No poema “Escova”, Manoel de Barros diz ter visto, quando criança, dois homens
sentados no chão "escovando
osso" . No início, diz o poeta, “achei que eles eram loucos” . Mas ele
olhou bem e viu que não podiam ser loucos aqueles homens. Louco , o mais perigoso, é quem quer impor aos outros o seu “mesmal” . O “mesmal” é a doença de quem
imagina que seu modo de viver é o único normal. Aqueles homens não podiam ser
loucos, pois pareciam ver a novidade onde todos veem o igual. No escovar deles também havia uma artesania semelhante à de Espinosa a polir
lentes com cuidado: eles queriam livrar
o osso da craca e poeira que nele grudaram .

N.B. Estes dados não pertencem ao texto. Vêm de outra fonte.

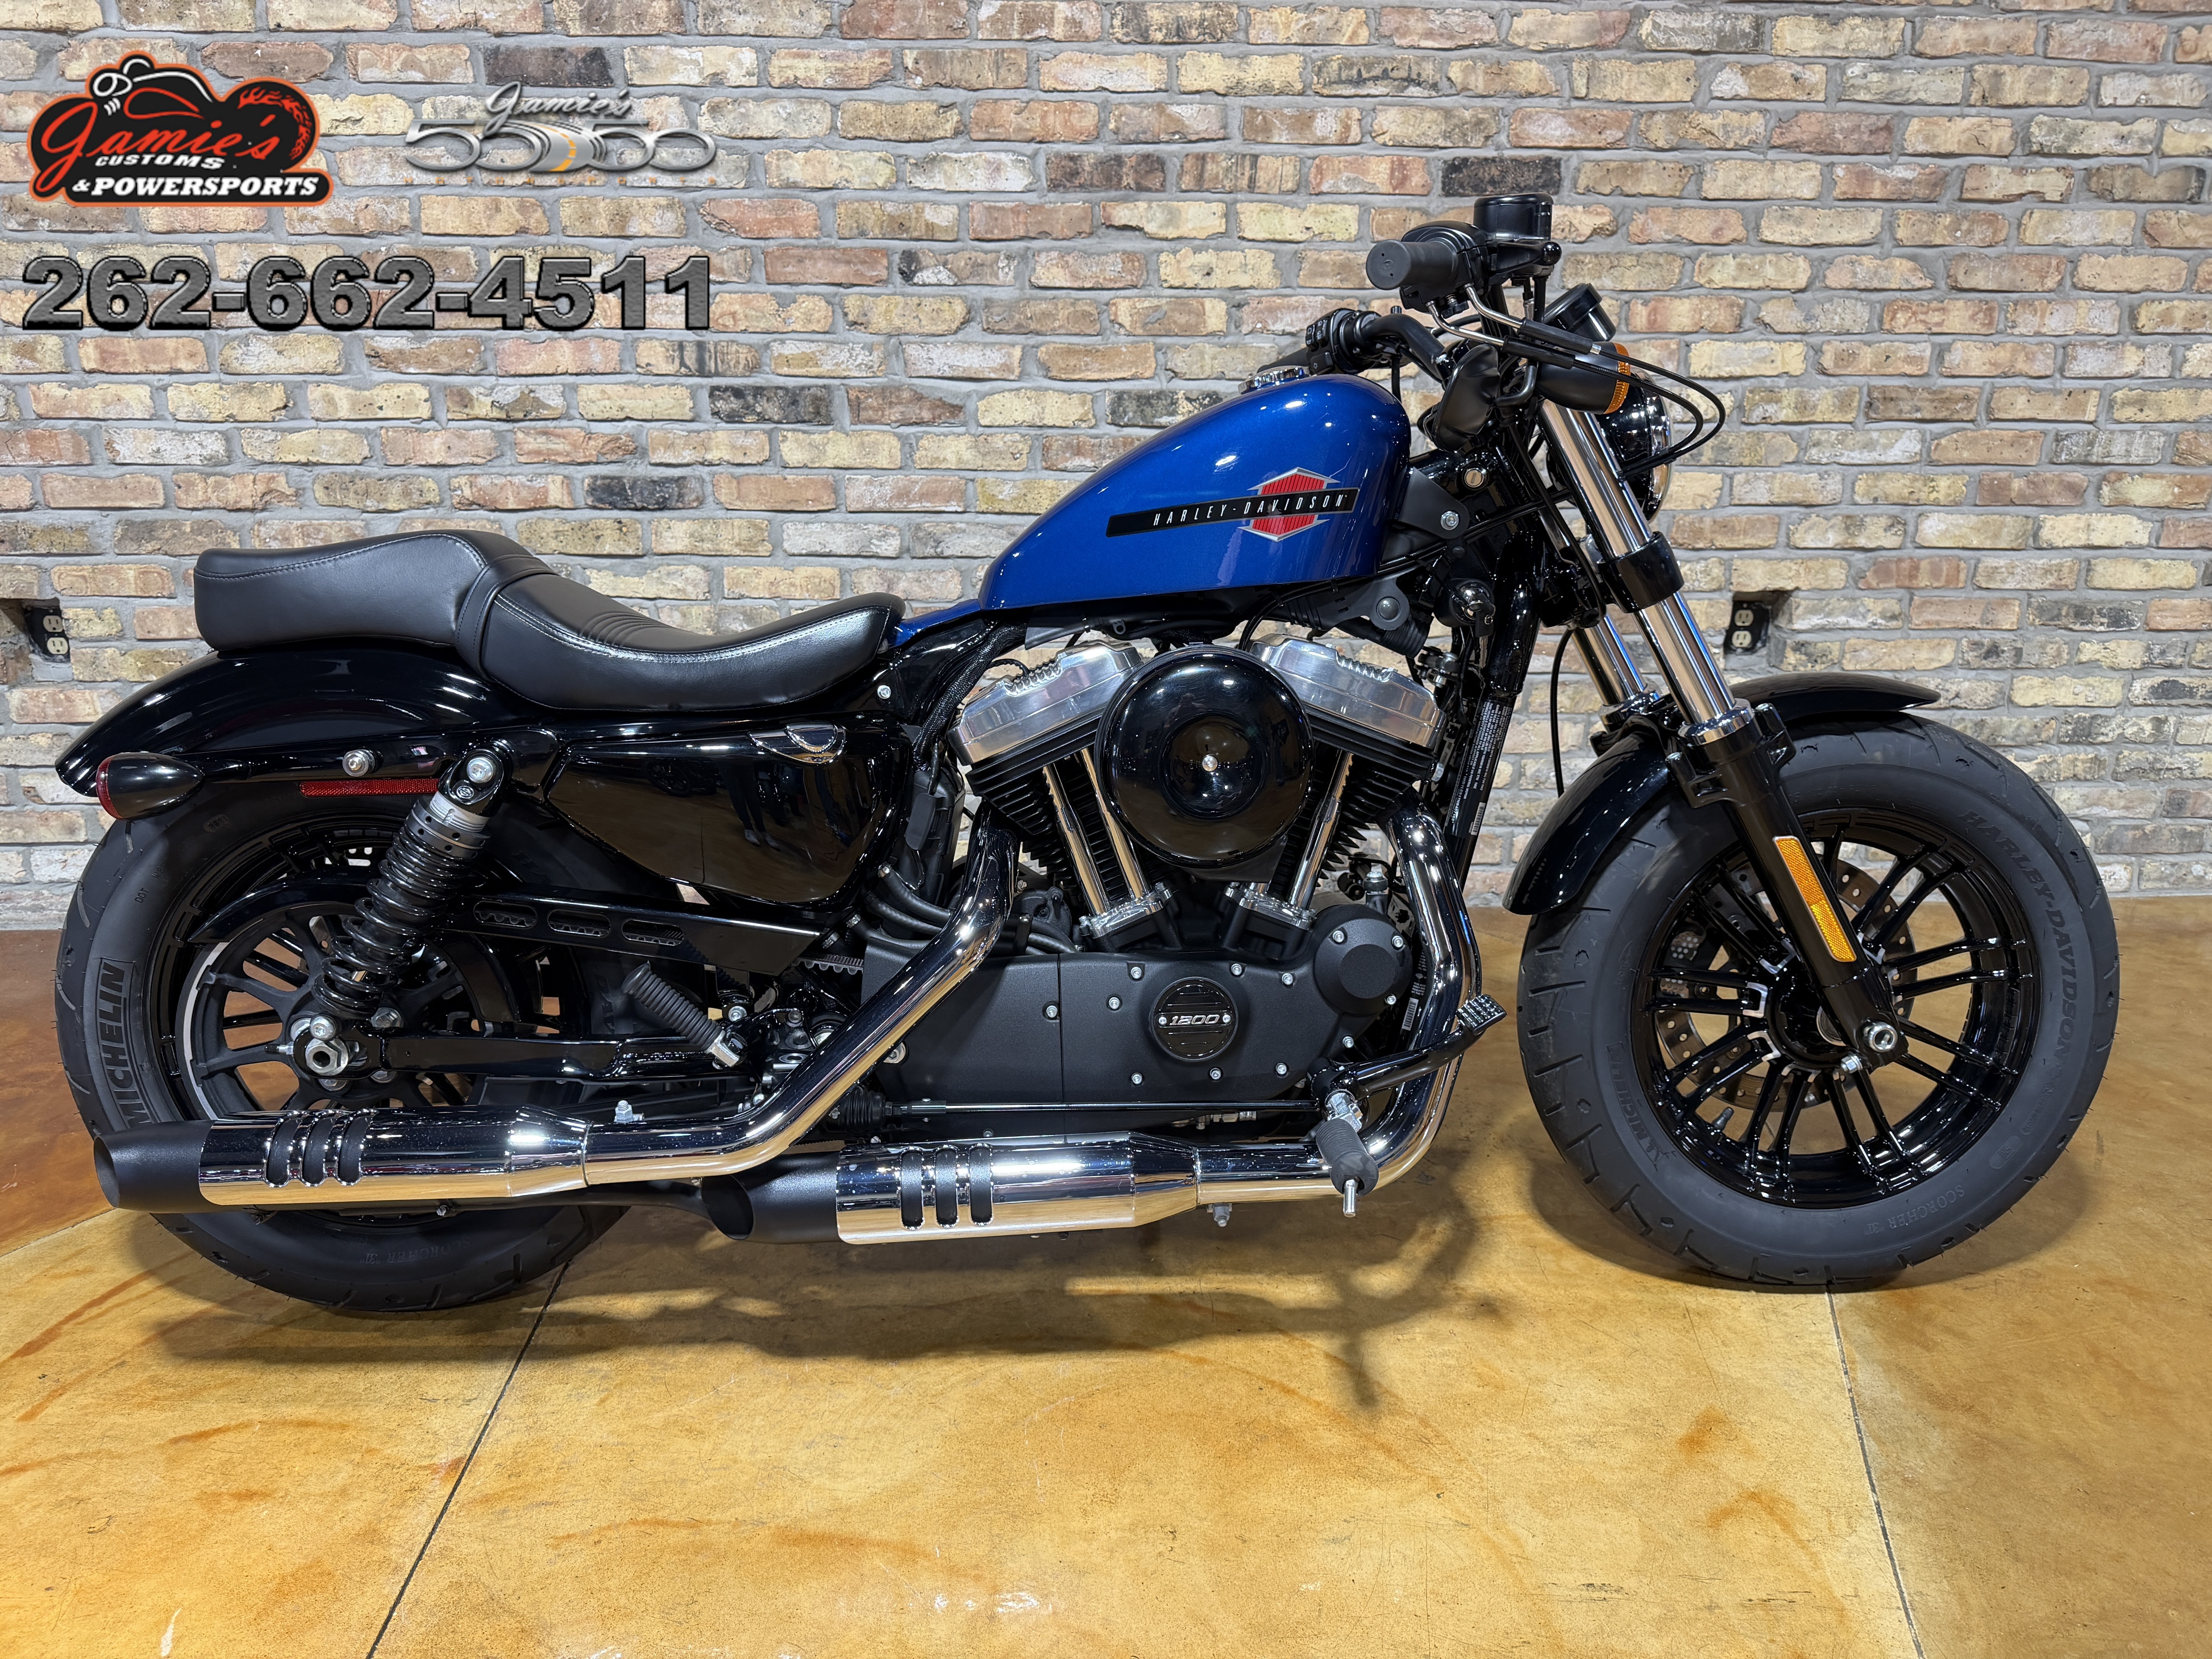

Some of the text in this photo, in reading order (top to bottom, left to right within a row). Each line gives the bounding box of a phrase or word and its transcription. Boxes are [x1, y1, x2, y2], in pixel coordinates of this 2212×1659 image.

[134, 886, 149, 905] DOT
[1959, 810, 2078, 1064] HARLEY-DAVIDSON
[99, 961, 153, 1123] MICHELIN
[1169, 1014, 1220, 1026] 1200
[1889, 1184, 1965, 1230] SCORCHER

O poeta descobriu então que aqueles homens eram arqueólogos. Eles
queriam ressuscitar no osso o mundo no qual ele foi parte de um esqueleto sob
músculo e pele. E mais do que isso: eles desejavam reviver o sentido que estava no osso , pois nada faz
sentido sozinho: o osso foi parte
de um esqueleto que era parte de um ser vivente, igualmente parte singular de um mundo que
ainda vivia , como sentido a descobrir, no osso. E os próprios arqueólogos eram
partes de um conhecer explorador que ressignificava o sentido daquele osso
metamorfoseando-o em signo de um mundo. Sem esse ressignificar explorador o conhecimento se torna apenas adestramento para os significados que o poder
nos quer impor. Para eles o osso era
mais do que osso: era também o fragmento de uma história , a nossa história, que a vida
ainda está a escrever, com ideias e corpos. Enquanto viver em nós aquele
impulso inventor de mundos , não seremos
o epílogo de tal história: a faremos perseverar como a
mais necessária lição que devemos ensinar
às crianças, para que a vida pensante
não se extinga. Ao ver os arqueólogos , o poeta
compreendeu qual seria seu destino: escovar as palavras, retirar delas a idiotia,
a ignorância, o preconceito, o clichê e
as banalidades que nelas colocaram as mentes obtusas, de tal maneira que seria também uma “ecologia
mental” o que o poeta faria ao escovar
das palavras tais sujeiras e craca. Ao escovar as palavras, o poeta não acha “Verdades” , “Ordens” ou “Mandamentos”; ele
acha a poesia como sentido primeiro, não
conformista, das coisas : “A poesia está guardada nas palavras, é tudo o que sei”
(Manoel de Barros).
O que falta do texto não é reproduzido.